[Recorded data]
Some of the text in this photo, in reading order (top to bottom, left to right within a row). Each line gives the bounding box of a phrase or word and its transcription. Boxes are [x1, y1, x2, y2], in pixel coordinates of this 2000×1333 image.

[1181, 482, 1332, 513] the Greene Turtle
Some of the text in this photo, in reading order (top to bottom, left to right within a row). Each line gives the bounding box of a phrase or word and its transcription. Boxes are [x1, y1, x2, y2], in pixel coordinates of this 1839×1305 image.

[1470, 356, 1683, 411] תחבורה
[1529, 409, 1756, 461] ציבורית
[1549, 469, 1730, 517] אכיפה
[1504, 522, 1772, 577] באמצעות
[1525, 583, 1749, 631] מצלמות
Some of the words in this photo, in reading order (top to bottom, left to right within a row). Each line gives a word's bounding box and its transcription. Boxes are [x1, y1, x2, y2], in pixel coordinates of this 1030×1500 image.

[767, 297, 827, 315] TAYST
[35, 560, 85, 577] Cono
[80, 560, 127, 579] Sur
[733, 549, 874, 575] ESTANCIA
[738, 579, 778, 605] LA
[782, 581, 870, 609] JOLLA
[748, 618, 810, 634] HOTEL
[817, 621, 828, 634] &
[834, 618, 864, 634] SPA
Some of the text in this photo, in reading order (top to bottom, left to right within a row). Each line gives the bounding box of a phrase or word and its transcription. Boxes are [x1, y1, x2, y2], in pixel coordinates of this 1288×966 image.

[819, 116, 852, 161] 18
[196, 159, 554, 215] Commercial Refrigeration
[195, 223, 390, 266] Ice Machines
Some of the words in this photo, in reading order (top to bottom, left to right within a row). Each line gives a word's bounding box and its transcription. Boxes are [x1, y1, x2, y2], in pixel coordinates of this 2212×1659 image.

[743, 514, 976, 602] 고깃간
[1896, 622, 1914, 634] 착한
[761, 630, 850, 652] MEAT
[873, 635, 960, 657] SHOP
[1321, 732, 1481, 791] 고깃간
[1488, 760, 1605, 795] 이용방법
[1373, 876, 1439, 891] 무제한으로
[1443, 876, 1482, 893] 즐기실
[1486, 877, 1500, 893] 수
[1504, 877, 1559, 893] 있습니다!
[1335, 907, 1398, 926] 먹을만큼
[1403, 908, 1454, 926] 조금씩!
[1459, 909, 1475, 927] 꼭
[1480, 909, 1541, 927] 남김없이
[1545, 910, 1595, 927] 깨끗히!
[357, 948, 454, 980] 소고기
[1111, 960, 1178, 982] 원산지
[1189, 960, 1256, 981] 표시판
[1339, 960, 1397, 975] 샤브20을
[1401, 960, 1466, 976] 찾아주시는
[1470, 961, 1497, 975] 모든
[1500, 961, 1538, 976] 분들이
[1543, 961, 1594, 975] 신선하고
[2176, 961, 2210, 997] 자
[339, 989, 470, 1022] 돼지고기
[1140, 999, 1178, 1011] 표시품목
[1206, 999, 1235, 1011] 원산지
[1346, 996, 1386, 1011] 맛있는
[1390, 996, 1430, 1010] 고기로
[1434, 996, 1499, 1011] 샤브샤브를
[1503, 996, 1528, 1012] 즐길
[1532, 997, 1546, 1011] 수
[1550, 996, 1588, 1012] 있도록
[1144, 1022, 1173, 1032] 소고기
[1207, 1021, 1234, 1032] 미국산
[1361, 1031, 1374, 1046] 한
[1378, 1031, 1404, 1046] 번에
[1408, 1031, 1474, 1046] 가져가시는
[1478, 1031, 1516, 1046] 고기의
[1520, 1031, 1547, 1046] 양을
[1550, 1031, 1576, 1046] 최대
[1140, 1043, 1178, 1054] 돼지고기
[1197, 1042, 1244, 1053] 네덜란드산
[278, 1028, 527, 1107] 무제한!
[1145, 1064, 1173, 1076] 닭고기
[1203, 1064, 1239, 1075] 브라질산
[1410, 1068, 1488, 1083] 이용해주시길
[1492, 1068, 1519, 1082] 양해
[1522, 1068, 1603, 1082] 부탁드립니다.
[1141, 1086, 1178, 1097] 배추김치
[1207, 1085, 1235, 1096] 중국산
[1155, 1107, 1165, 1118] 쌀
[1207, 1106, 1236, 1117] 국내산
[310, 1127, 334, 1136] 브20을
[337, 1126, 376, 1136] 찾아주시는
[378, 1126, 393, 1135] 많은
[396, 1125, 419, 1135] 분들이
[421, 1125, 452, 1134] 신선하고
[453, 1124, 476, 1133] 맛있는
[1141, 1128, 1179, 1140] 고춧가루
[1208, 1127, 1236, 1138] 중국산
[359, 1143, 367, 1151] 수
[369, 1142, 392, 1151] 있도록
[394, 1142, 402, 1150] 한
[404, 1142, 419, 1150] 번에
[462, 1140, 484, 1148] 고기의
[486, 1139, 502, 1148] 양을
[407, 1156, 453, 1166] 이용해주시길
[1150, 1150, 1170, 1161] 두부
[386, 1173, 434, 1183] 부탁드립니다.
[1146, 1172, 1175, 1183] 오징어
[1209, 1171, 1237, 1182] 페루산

*EXERCISE BRIEF*: Word for word, retype all of the entries above.

*ANSWER SECTION*:
Some of the text in this photo, in reading order (top to bottom, left to right within a row). Each line gives the bounding box of a phrase or word and its transcription. Boxes are [x1, y1, x2, y2], in pixel coordinates of this 2000×1333 image.

[1181, 482, 1332, 513] the Greene Turtle
Some of the text in this photo, in reading order (top to bottom, left to right within a row). Each line gives the bounding box of a phrase or word and its transcription. Boxes are [x1, y1, x2, y2], in pixel coordinates of this 1839×1305 image.

[1470, 356, 1683, 411] תחבורה
[1529, 409, 1756, 461] ציבורית
[1549, 469, 1730, 517] אכיפה
[1504, 522, 1772, 577] באמצעות
[1525, 583, 1749, 631] מצלמות
Some of the words in this photo, in reading order (top to bottom, left to right within a row). Each line gives a word's bounding box and its transcription. Boxes are [x1, y1, x2, y2], in pixel coordinates of this 1030×1500 image.

[767, 297, 827, 315] TAYST
[35, 560, 85, 577] Cono
[80, 560, 127, 579] Sur
[733, 549, 874, 575] ESTANCIA
[738, 579, 778, 605] LA
[782, 581, 870, 609] JOLLA
[748, 618, 810, 634] HOTEL
[817, 621, 828, 634] &
[834, 618, 864, 634] SPA
Some of the text in this photo, in reading order (top to bottom, left to right within a row). Each line gives the bounding box of a phrase or word and its transcription. Boxes are [x1, y1, x2, y2], in pixel coordinates of this 1288×966 image.

[819, 116, 852, 161] 18
[196, 159, 554, 215] Commercial Refrigeration
[195, 223, 390, 266] Ice Machines
Some of the words in this photo, in reading order (top to bottom, left to right within a row). Each line gives a word's bounding box and its transcription. Boxes are [x1, y1, x2, y2], in pixel coordinates of this 2212×1659 image.

[743, 514, 976, 602] 고깃간
[1896, 622, 1914, 634] 착한
[761, 630, 850, 652] MEAT
[873, 635, 960, 657] SHOP
[1321, 732, 1481, 791] 고깃간
[1488, 760, 1605, 795] 이용방법
[1373, 876, 1439, 891] 무제한으로
[1443, 876, 1482, 893] 즐기실
[1486, 877, 1500, 893] 수
[1504, 877, 1559, 893] 있습니다!
[1335, 907, 1398, 926] 먹을만큼
[1403, 908, 1454, 926] 조금씩!
[1459, 909, 1475, 927] 꼭
[1480, 909, 1541, 927] 남김없이
[1545, 910, 1595, 927] 깨끗히!
[357, 948, 454, 980] 소고기
[1111, 960, 1178, 982] 원산지
[1189, 960, 1256, 981] 표시판
[1339, 960, 1397, 975] 샤브20을
[1401, 960, 1466, 976] 찾아주시는
[1470, 961, 1497, 975] 모든
[1500, 961, 1538, 976] 분들이
[1543, 961, 1594, 975] 신선하고
[2176, 961, 2210, 997] 자
[339, 989, 470, 1022] 돼지고기
[1140, 999, 1178, 1011] 표시품목
[1206, 999, 1235, 1011] 원산지
[1346, 996, 1386, 1011] 맛있는
[1390, 996, 1430, 1010] 고기로
[1434, 996, 1499, 1011] 샤브샤브를
[1503, 996, 1528, 1012] 즐길
[1532, 997, 1546, 1011] 수
[1550, 996, 1588, 1012] 있도록
[1144, 1022, 1173, 1032] 소고기
[1207, 1021, 1234, 1032] 미국산
[1361, 1031, 1374, 1046] 한
[1378, 1031, 1404, 1046] 번에
[1408, 1031, 1474, 1046] 가져가시는
[1478, 1031, 1516, 1046] 고기의
[1520, 1031, 1547, 1046] 양을
[1550, 1031, 1576, 1046] 최대
[1140, 1043, 1178, 1054] 돼지고기
[1197, 1042, 1244, 1053] 네덜란드산
[278, 1028, 527, 1107] 무제한!
[1145, 1064, 1173, 1076] 닭고기
[1203, 1064, 1239, 1075] 브라질산
[1410, 1068, 1488, 1083] 이용해주시길
[1492, 1068, 1519, 1082] 양해
[1522, 1068, 1603, 1082] 부탁드립니다.
[1141, 1086, 1178, 1097] 배추김치
[1207, 1085, 1235, 1096] 중국산
[1155, 1107, 1165, 1118] 쌀
[1207, 1106, 1236, 1117] 국내산
[310, 1127, 334, 1136] 브20을
[337, 1126, 376, 1136] 찾아주시는
[378, 1126, 393, 1135] 많은
[396, 1125, 419, 1135] 분들이
[421, 1125, 452, 1134] 신선하고
[453, 1124, 476, 1133] 맛있는
[1141, 1128, 1179, 1140] 고춧가루
[1208, 1127, 1236, 1138] 중국산
[359, 1143, 367, 1151] 수
[369, 1142, 392, 1151] 있도록
[394, 1142, 402, 1150] 한
[404, 1142, 419, 1150] 번에
[462, 1140, 484, 1148] 고기의
[486, 1139, 502, 1148] 양을
[407, 1156, 453, 1166] 이용해주시길
[1150, 1150, 1170, 1161] 두부
[386, 1173, 434, 1183] 부탁드립니다.
[1146, 1172, 1175, 1183] 오징어
[1209, 1171, 1237, 1182] 페루산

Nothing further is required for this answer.